Early yesterday afternoon when Lowe was doing his running in the outfield at Network Associates Coliseum, Little approached him. "We told him that we were going to need him when the game was on the line," the manager said.
Lowe, sporting a buzzcut that made him unrecognizable to teammate Tim Wakefield, even though he was sitting two rows behind him on the team bus, was surrounded by his fellow relievers when he finally returned to the visitors' clubhouse, champagne bottles already popping at a dizzying rate.
"This was the most stressful thing I've ever been through," said Gabe Kapler, who was standing on the top steps of the dugout as Lowe struck out first Adam Melhuse, then Terrence Long, to close out the victory. "The whole series was so stressful, but so much fun. I'm so blessed to be a part of this."
Epstein, his shirt soaked through with bubbly, paid tribute to Lowe.

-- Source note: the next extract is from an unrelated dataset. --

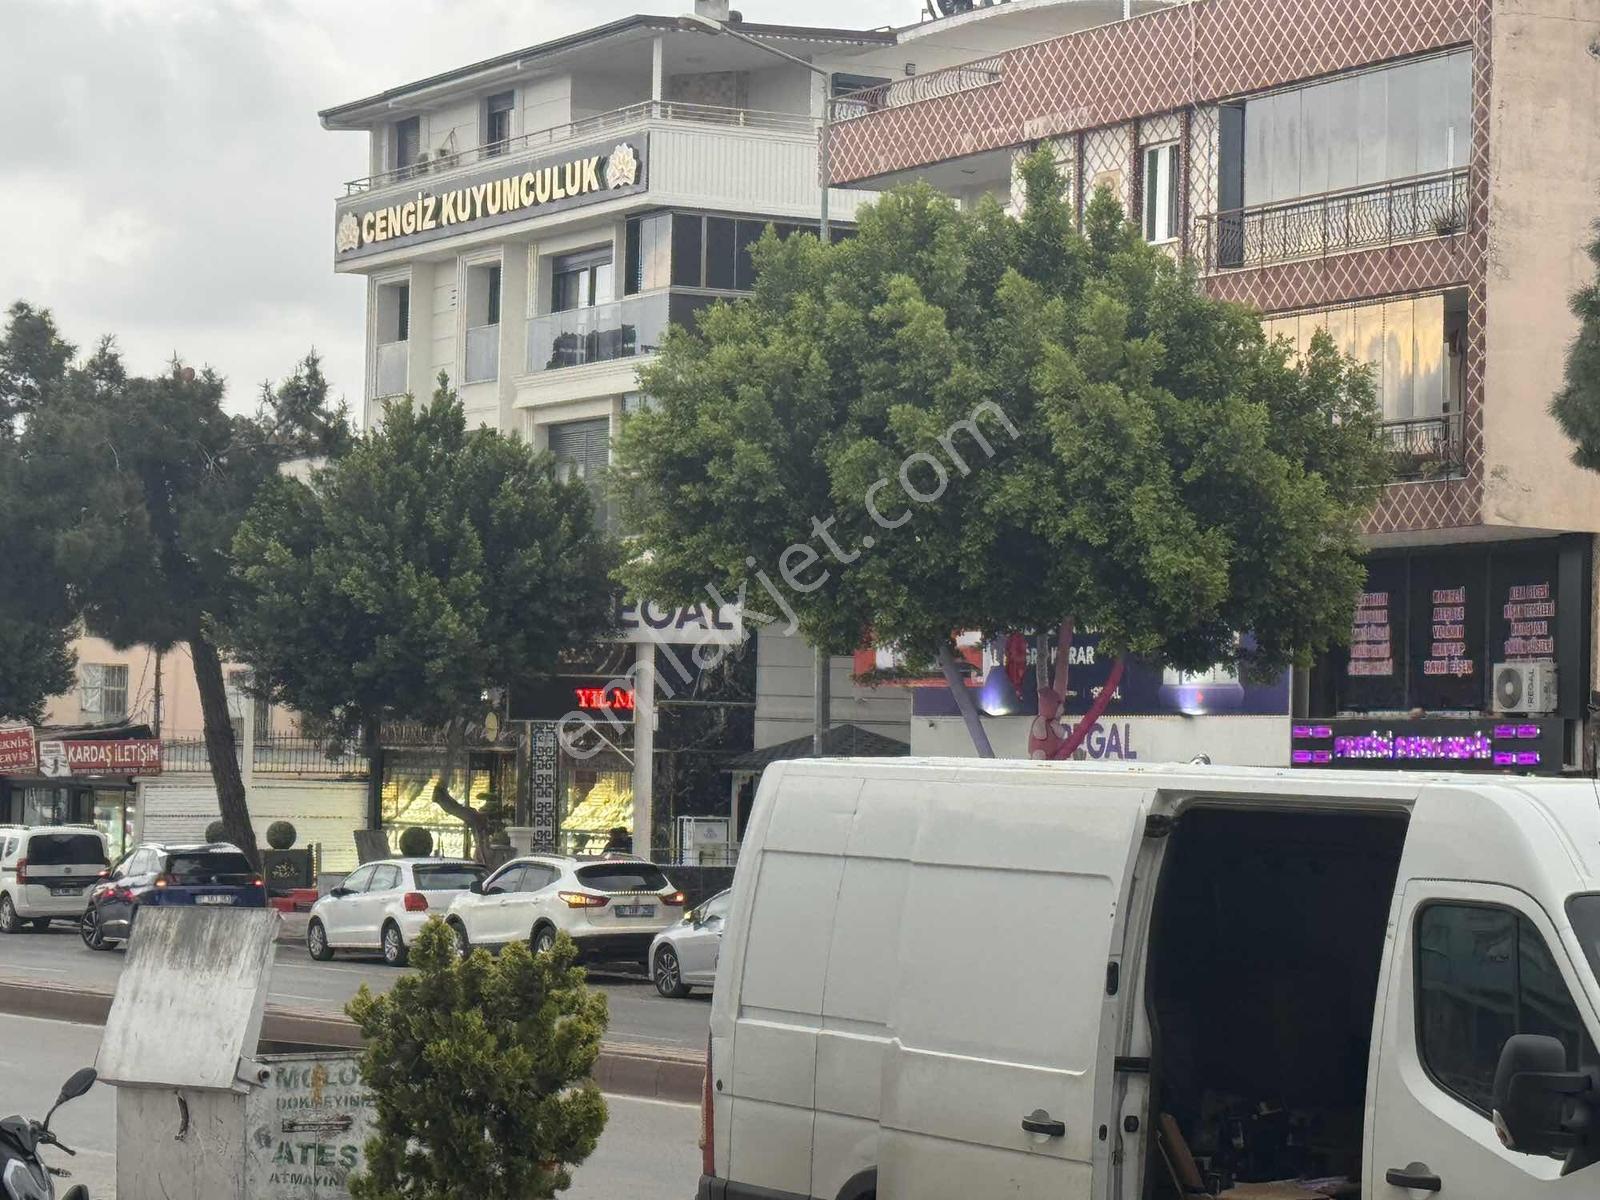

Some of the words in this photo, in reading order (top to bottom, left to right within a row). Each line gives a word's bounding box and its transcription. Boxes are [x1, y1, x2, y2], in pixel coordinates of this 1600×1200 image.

"I don't know anyone else in baseball with as much heart as Derek to throw those two pitches," Epstein said of the pitch Lowe calls the "two-seamer lockup" -- the two-seamer he throws inside. "I think we put a few things behind us historywise, winning this kind of game and this kind of series."
Jackson, alone among the Red Sox, had blood as well as champagne on his cheeks. The right side of his face had crunched with terrifying force into the right side of Damon's head as they converged on Jermaine Dye's shallow fly in center field. The collision left Damon with a concussion; Jackson was left with a cut on his face and "feeling terrible that I could do something like that."
Jackson said he never heard Damon coming. "Playoffs, man," he said. "I was going all out. I didn't want anything to fall and ruin what had been such a great game. It was so loud. I didn't hear a thing."
Relieved to hear that Damon would be OK, Jackson was able to enjoy the wet embraces of teammates, many of whom ran out to share the excitement with those fans hanging on the dugout.
"I want to see Boston fans shaving their heads, looking like us, as ugly as they can be," Millar said.